Work request ::
A full, word-for-word copy of the listing below is needed; leave the images out of it.

Material for this exercise ::
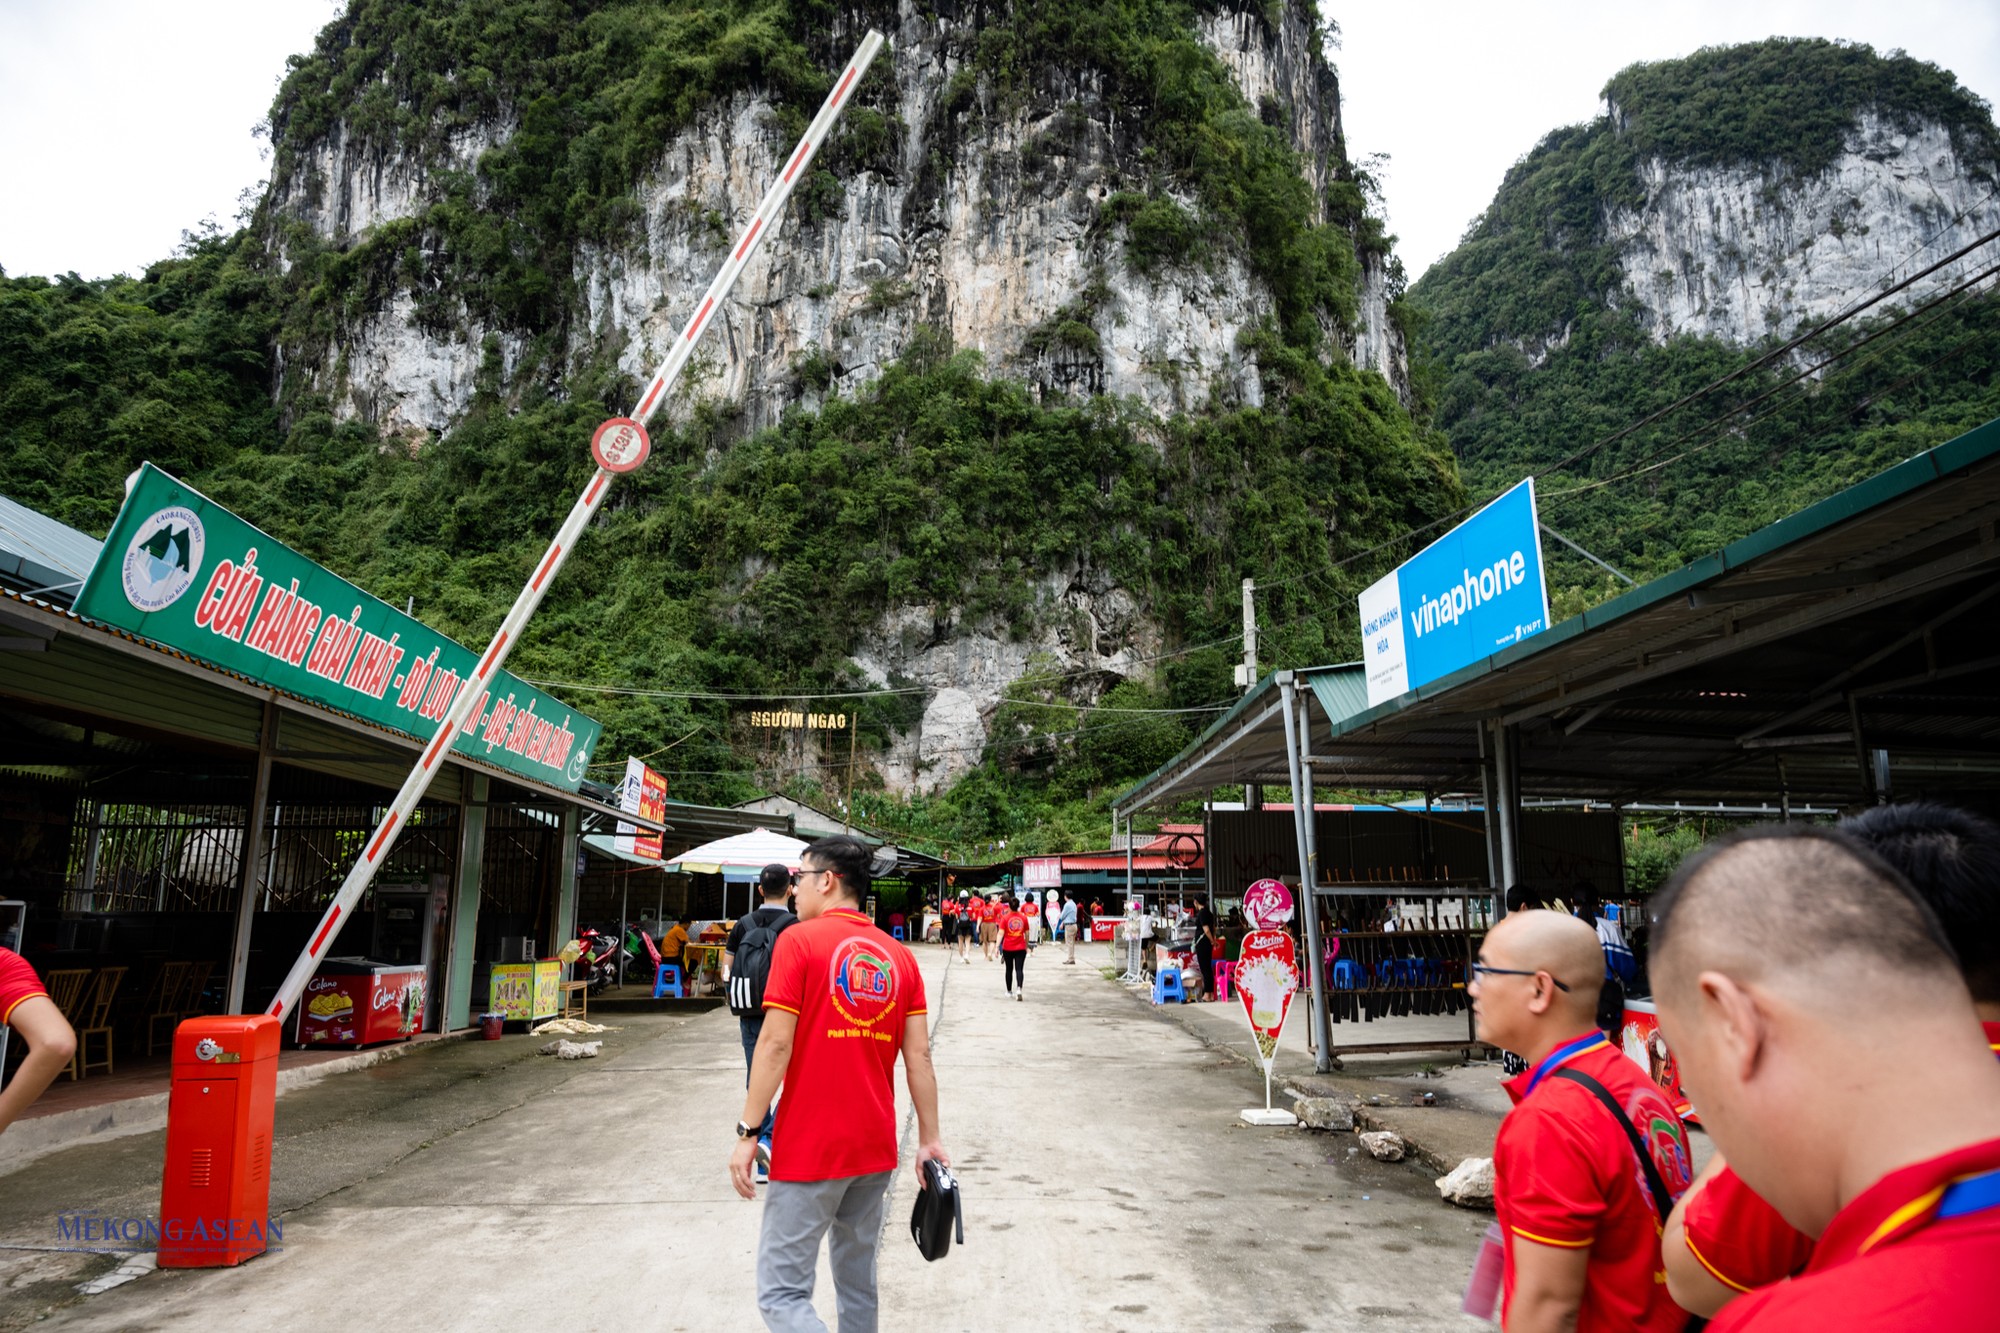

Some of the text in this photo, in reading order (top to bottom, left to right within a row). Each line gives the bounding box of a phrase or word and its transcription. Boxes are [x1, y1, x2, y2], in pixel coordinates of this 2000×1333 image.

[606, 427, 633, 462] STOP
[1411, 550, 1525, 638] vinaphone
[1379, 605, 1399, 629] KHÁNH
[1522, 619, 1541, 635] VNPT
[194, 547, 264, 643] CỬA
[244, 577, 322, 668] HÀNG
[306, 604, 363, 684] GIẢI
[343, 632, 405, 700] KHÁT
[396, 646, 440, 712] ĐỒ
[482, 693, 516, 753] ĐẶC
[505, 698, 538, 755] SẢN
[525, 717, 551, 763] CAO
[541, 714, 575, 770] BẰNG
[751, 708, 846, 729] NGƯỜM NGAO
[1050, 864, 1059, 880] XE
[1252, 934, 1285, 948] Merino
[308, 977, 338, 992] Celano
[852, 966, 884, 993] VCTC
[373, 986, 396, 1010] Celano
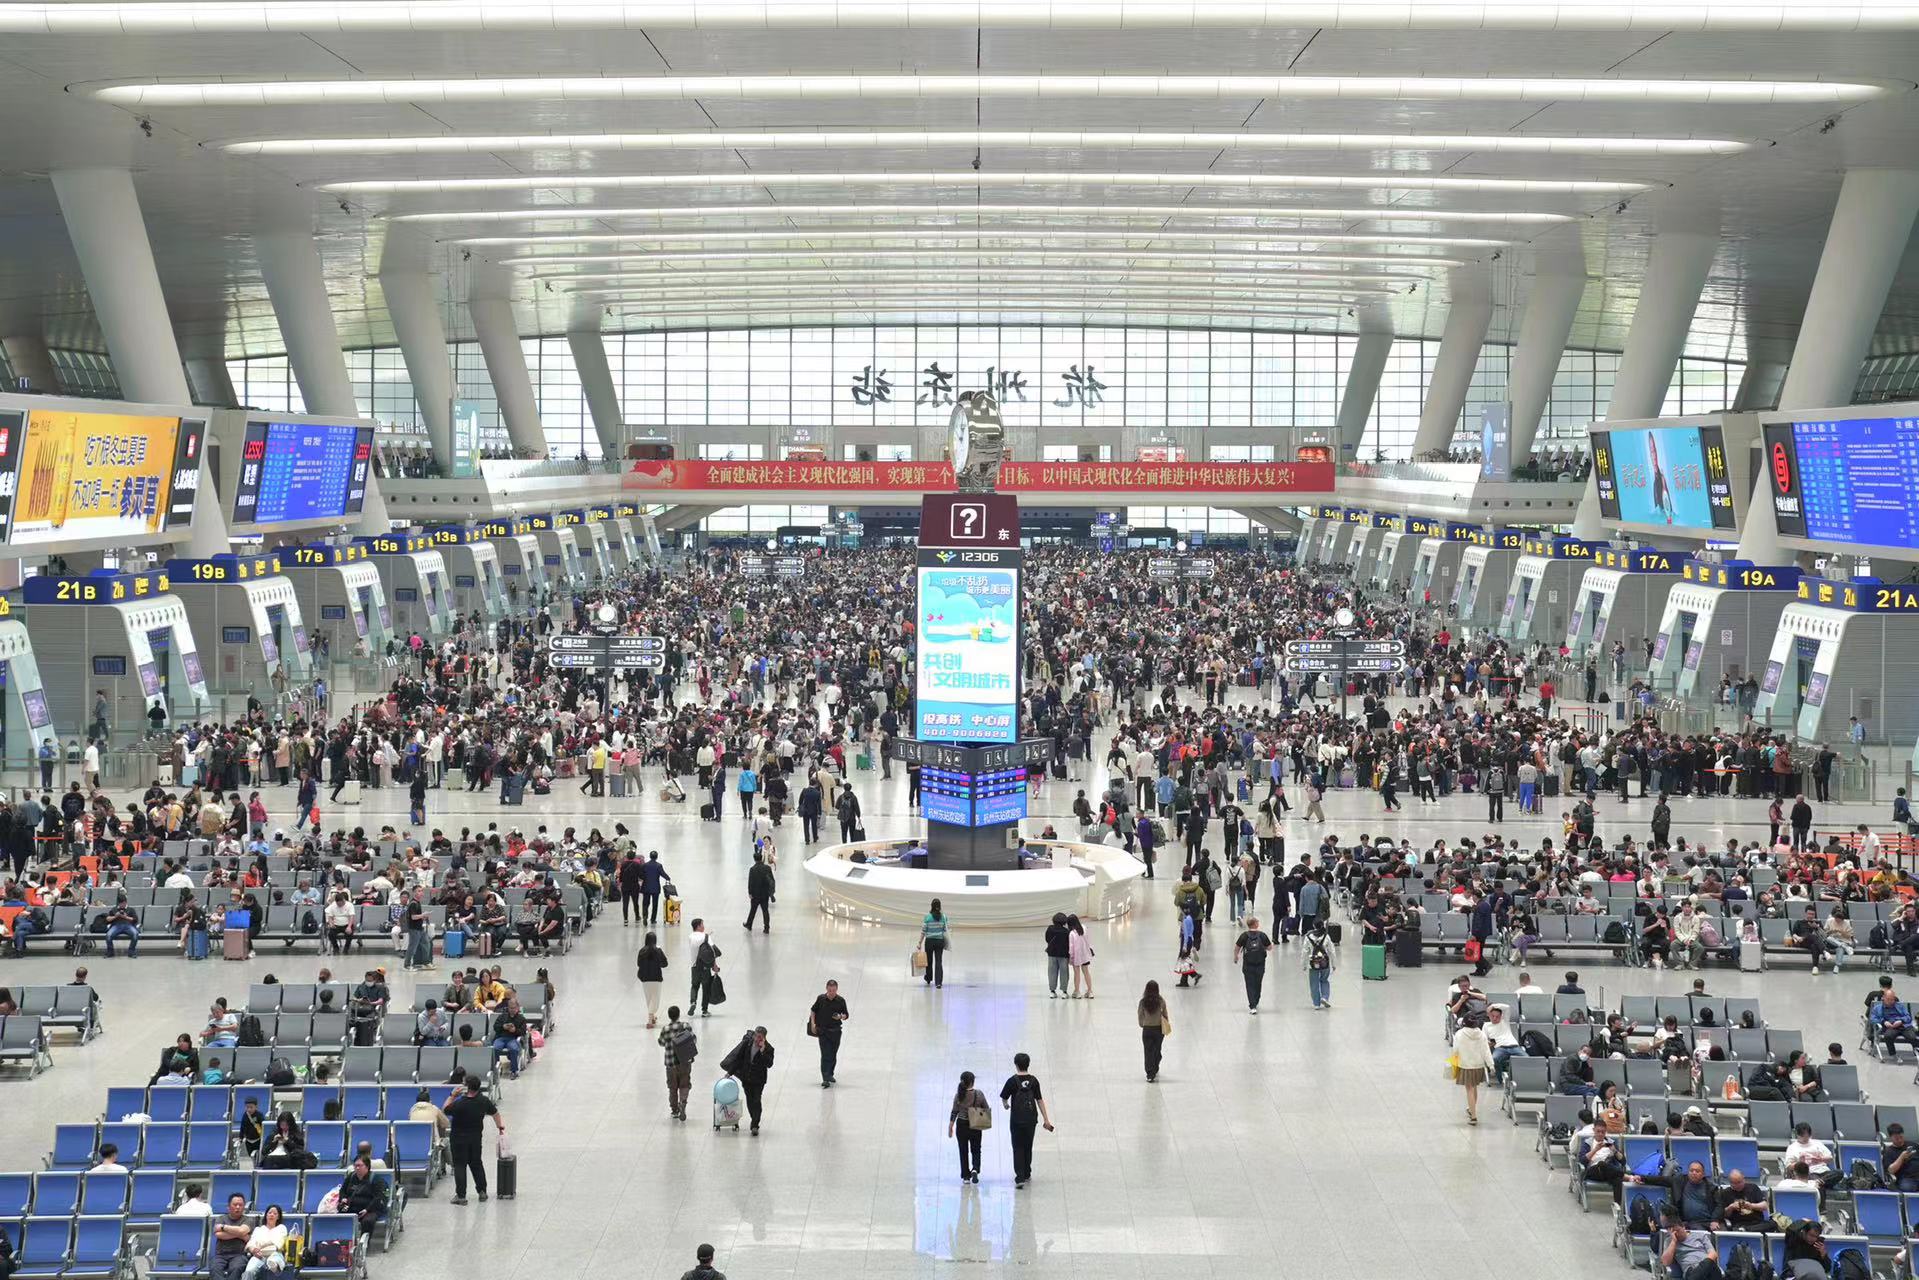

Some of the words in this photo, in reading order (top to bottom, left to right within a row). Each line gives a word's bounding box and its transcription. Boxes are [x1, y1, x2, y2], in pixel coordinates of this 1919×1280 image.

[707, 466, 1295, 486] 全面建成社会主义现代化强国，实现第二个目标，以中国式现代化全面推进中华民族伟大复兴！
[1412, 522, 1425, 532] 9A
[435, 531, 457, 542] 13B
[998, 529, 1010, 541] 东
[373, 540, 398, 552] 15B
[1563, 544, 1588, 556] 15A
[295, 549, 324, 563] 17B
[961, 552, 999, 562] 12306
[1639, 556, 1670, 569] 17A
[192, 564, 225, 579] 19B
[1741, 570, 1775, 586] 19A
[57, 581, 96, 600] 21B
[1876, 590, 1918, 608] 21A
[924, 653, 963, 670] 共创
[933, 672, 1010, 689] 文明城市

Expected output ::
Some of the text in this photo, in reading order (top to bottom, left to right within a row). Each line gives the bounding box of a phrase or word and its transcription. Boxes are [x1, y1, x2, y2], in pixel coordinates of this 2000×1333 image.

[606, 427, 633, 462] STOP
[1411, 550, 1525, 638] vinaphone
[1379, 605, 1399, 629] KHÁNH
[1522, 619, 1541, 635] VNPT
[194, 547, 264, 643] CỬA
[244, 577, 322, 668] HÀNG
[306, 604, 363, 684] GIẢI
[343, 632, 405, 700] KHÁT
[396, 646, 440, 712] ĐỒ
[482, 693, 516, 753] ĐẶC
[505, 698, 538, 755] SẢN
[525, 717, 551, 763] CAO
[541, 714, 575, 770] BẰNG
[751, 708, 846, 729] NGƯỜM NGAO
[1050, 864, 1059, 880] XE
[1252, 934, 1285, 948] Merino
[308, 977, 338, 992] Celano
[852, 966, 884, 993] VCTC
[373, 986, 396, 1010] Celano

Some of the words in this photo, in reading order (top to bottom, left to right within a row). Each line gives a word's bounding box and its transcription. Boxes are [x1, y1, x2, y2], in pixel coordinates of this 1919×1280 image.

[707, 466, 1295, 486] 全面建成社会主义现代化强国，实现第二个目标，以中国式现代化全面推进中华民族伟大复兴！
[1412, 522, 1425, 532] 9A
[435, 531, 457, 542] 13B
[998, 529, 1010, 541] 东
[373, 540, 398, 552] 15B
[1563, 544, 1588, 556] 15A
[295, 549, 324, 563] 17B
[961, 552, 999, 562] 12306
[1639, 556, 1670, 569] 17A
[192, 564, 225, 579] 19B
[1741, 570, 1775, 586] 19A
[57, 581, 96, 600] 21B
[1876, 590, 1918, 608] 21A
[924, 653, 963, 670] 共创
[933, 672, 1010, 689] 文明城市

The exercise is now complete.